Pluto's icy mountains revealed

Pluto's icy mountains revealed

New images sent back to Earth from the New Horizons mission have surpassed expectations, NASA mission scientists say.

Published: July 14, 2015 at 11:00 am

The latest images released by NASA show Pluto's icy mountains in great detail. All images: NASA/JHU APL/SwRI

NASA’s New Horizons team have released new images of Pluto’s icy mountains and a clear view of its largest moon Charon taken during the spacecraft’s flyby on 14 July.

The Pluto image shows the dwarf planet’s equatorial region near the base of its bright heart-shaped feature, depicting a mountain range with 11,000 feet peaks above the surface.

NASA says they believe the mountains on Pluto formed as recently as 100 million years ago, suggesting the formations could still be geologically active.

"Pluto New Horizons is a true mission of exploration showing us why basic scientific research is so important," says John Grunsfeld, associate administrator for NASA's Science Mission Directorate in Washington.

"The mission has had nine years to build expectations about what we would see during closest approach to Pluto and Charon.

Today, we get the first sampling of the scientific treasure collected during those critical moments, and I can tell you it dramatically surpasses those high expectations."

“Home run!” exclaims Alan Stern, principal investigator for New Horizons at the Southwest Research Institute (SwRI) in Boulder, Colorado.

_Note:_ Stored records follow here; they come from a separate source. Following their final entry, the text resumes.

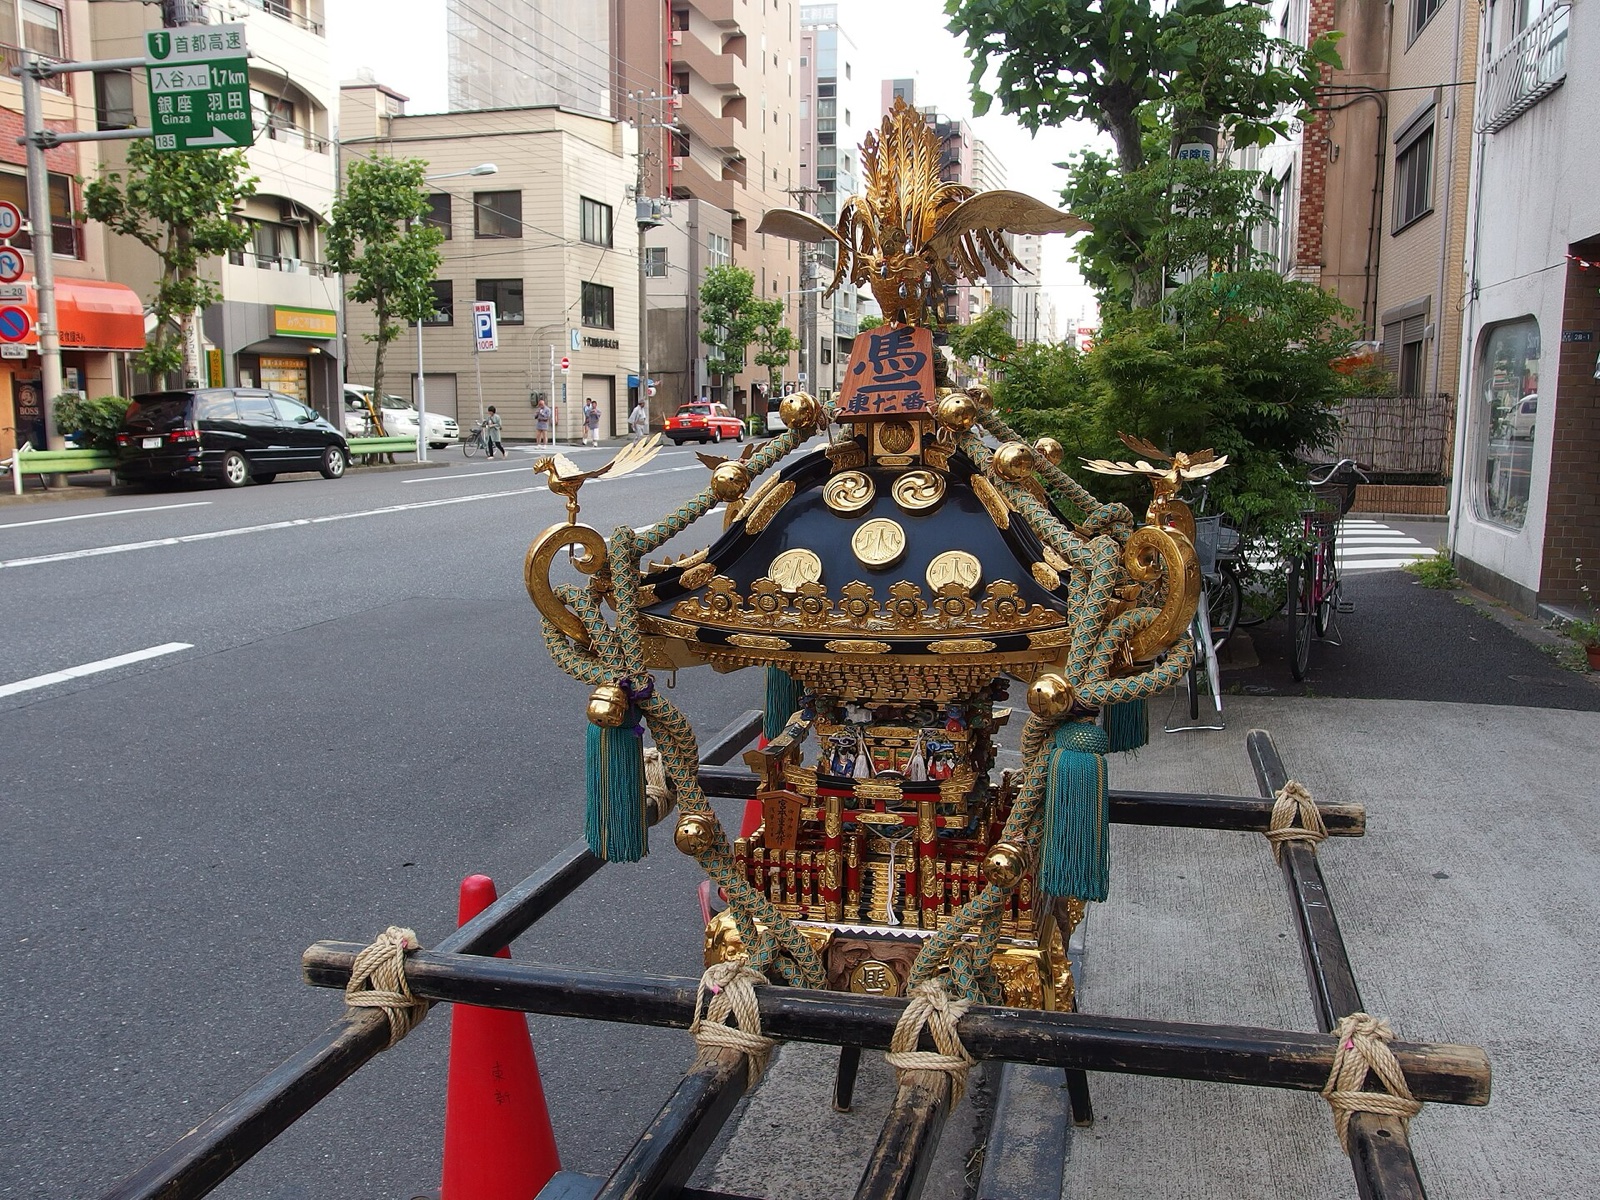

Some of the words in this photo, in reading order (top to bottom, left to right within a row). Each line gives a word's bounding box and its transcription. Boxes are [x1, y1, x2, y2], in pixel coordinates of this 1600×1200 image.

[175, 32, 241, 53] 首都高速
[157, 95, 192, 114] 銀座
[208, 92, 243, 110] 羽田
[162, 115, 190, 124] Ginza
[207, 111, 246, 121] Haneda
[157, 136, 175, 147] 185
[0, 212, 13, 227] 0
[478, 315, 491, 338] P
[20, 406, 39, 415] BOSS

“New Horizons is returning amazing results already. The data look absolutely gorgeous, and Pluto and Charon are just mind blowing."

Mission scientists have also said that, unlike the icy moons of giant planets, Pluto can’t be heated by gravitational interactions with a larger planetary body and so a different process may be creating its rugged landscape. landscape.

“This may cause us to rethink what powers geological activity on many other icy worlds,” says GGI deputy team leader John Spencer at SwRI.